§ WORK TASK: Reproduce verbatim only the lines from the one containing "this 2352×1568 image." through the last line below, both included.

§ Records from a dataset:
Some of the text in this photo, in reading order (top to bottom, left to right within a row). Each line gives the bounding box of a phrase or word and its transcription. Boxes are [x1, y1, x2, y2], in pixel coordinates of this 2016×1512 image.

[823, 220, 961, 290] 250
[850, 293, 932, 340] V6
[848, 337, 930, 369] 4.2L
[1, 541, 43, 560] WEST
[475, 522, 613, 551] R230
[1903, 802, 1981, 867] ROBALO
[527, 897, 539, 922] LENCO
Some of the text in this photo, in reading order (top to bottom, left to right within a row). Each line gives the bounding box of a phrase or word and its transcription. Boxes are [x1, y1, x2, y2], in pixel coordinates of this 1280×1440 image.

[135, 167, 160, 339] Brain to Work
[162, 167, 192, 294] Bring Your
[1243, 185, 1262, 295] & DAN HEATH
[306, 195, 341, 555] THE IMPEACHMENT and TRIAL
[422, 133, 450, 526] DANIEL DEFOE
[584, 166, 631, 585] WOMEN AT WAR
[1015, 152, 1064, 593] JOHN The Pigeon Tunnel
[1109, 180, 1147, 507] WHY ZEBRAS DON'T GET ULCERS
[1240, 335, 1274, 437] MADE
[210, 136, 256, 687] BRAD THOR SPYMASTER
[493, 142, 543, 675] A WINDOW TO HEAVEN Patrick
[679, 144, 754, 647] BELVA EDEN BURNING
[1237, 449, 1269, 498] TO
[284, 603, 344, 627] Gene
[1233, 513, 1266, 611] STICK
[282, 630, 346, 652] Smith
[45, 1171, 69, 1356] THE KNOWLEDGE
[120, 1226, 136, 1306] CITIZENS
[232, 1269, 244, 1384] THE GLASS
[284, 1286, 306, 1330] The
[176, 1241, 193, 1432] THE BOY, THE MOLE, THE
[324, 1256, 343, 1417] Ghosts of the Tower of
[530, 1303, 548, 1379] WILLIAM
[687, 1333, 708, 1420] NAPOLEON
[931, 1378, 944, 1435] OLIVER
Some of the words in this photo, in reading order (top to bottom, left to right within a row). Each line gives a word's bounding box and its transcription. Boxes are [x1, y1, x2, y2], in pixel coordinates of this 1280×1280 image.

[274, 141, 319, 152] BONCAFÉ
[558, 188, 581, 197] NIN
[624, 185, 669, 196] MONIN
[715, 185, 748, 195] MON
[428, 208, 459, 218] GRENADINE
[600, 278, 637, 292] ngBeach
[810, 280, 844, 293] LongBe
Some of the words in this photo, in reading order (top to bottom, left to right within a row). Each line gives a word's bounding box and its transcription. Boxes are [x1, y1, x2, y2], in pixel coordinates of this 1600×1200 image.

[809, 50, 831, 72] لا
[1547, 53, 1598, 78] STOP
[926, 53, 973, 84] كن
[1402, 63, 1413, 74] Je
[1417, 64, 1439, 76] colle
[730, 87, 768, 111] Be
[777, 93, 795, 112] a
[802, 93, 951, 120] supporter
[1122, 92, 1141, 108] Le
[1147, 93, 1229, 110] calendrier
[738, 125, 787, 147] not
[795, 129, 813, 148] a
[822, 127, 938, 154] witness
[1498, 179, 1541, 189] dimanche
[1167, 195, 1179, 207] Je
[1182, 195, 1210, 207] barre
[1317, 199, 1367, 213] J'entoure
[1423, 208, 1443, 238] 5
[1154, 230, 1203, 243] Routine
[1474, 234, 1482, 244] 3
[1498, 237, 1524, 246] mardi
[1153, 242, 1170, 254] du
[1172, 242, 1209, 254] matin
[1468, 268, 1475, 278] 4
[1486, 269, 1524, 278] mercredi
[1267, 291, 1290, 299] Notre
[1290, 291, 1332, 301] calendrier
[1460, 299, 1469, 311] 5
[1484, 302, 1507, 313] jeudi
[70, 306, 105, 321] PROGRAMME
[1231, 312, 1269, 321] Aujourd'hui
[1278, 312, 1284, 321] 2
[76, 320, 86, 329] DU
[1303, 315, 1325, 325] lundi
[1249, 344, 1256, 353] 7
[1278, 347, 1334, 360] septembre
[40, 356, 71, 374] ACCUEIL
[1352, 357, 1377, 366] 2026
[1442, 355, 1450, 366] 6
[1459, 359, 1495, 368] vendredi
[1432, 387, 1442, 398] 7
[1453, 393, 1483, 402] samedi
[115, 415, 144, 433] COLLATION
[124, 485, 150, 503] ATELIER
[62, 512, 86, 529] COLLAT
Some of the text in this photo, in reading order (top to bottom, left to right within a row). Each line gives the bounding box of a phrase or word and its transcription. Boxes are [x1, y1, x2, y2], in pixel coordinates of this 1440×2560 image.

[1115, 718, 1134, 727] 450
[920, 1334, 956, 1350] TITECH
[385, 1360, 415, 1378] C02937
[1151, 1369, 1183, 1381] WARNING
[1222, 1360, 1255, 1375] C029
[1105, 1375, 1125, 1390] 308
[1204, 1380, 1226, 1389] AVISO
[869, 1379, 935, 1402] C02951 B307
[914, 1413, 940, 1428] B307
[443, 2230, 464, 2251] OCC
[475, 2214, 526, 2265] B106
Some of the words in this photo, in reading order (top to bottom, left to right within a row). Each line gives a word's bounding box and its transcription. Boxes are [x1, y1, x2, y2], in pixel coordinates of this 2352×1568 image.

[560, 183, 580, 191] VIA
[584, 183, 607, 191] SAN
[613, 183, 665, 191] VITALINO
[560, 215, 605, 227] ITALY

§ RESULT OF THE EXERCISE:
Some of the words in this photo, in reading order (top to bottom, left to right within a row). Each line gives a word's bounding box and its transcription. Boxes are [x1, y1, x2, y2], in pixel coordinates of this 2352×1568 image.

[560, 183, 580, 191] VIA
[584, 183, 607, 191] SAN
[613, 183, 665, 191] VITALINO
[560, 215, 605, 227] ITALY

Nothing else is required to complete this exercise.